(Saved data entries)

● ● ● ● ● ● ●

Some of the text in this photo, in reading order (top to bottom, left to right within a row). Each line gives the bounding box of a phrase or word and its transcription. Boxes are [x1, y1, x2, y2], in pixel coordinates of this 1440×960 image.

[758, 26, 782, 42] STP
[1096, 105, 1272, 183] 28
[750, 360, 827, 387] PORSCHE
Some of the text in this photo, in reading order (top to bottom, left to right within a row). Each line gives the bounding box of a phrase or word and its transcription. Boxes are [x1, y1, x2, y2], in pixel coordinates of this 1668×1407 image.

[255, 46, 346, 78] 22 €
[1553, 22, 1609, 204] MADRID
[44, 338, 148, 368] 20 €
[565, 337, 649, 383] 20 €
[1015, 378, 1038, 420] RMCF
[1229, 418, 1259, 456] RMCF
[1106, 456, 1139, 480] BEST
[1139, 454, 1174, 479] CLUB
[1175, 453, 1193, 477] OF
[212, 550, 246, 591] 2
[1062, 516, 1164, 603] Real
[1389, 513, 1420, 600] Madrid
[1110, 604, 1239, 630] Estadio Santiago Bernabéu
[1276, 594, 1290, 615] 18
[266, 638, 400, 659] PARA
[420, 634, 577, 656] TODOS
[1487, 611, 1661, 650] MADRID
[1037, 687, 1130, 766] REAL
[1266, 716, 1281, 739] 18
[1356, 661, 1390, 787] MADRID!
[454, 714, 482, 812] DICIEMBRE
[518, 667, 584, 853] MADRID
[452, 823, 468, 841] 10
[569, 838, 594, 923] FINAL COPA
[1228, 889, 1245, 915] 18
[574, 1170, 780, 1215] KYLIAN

● ● ● ● ● ● ●

▶ _Task statement_: Each entry above is to be transcribed without alteration.

▶ _Your response_:
Some of the text in this photo, in reading order (top to bottom, left to right within a row). Each line gives the bounding box of a phrase or word and its transcription. Boxes are [x1, y1, x2, y2], in pixel coordinates of this 1440×960 image.

[758, 26, 782, 42] STP
[1096, 105, 1272, 183] 28
[750, 360, 827, 387] PORSCHE
Some of the text in this photo, in reading order (top to bottom, left to right within a row). Each line gives the bounding box of a phrase or word and its transcription. Boxes are [x1, y1, x2, y2], in pixel coordinates of this 1668×1407 image.

[255, 46, 346, 78] 22 €
[1553, 22, 1609, 204] MADRID
[44, 338, 148, 368] 20 €
[565, 337, 649, 383] 20 €
[1015, 378, 1038, 420] RMCF
[1229, 418, 1259, 456] RMCF
[1106, 456, 1139, 480] BEST
[1139, 454, 1174, 479] CLUB
[1175, 453, 1193, 477] OF
[212, 550, 246, 591] 2
[1062, 516, 1164, 603] Real
[1389, 513, 1420, 600] Madrid
[1110, 604, 1239, 630] Estadio Santiago Bernabéu
[1276, 594, 1290, 615] 18
[266, 638, 400, 659] PARA
[420, 634, 577, 656] TODOS
[1487, 611, 1661, 650] MADRID
[1037, 687, 1130, 766] REAL
[1266, 716, 1281, 739] 18
[1356, 661, 1390, 787] MADRID!
[454, 714, 482, 812] DICIEMBRE
[518, 667, 584, 853] MADRID
[452, 823, 468, 841] 10
[569, 838, 594, 923] FINAL COPA
[1228, 889, 1245, 915] 18
[574, 1170, 780, 1215] KYLIAN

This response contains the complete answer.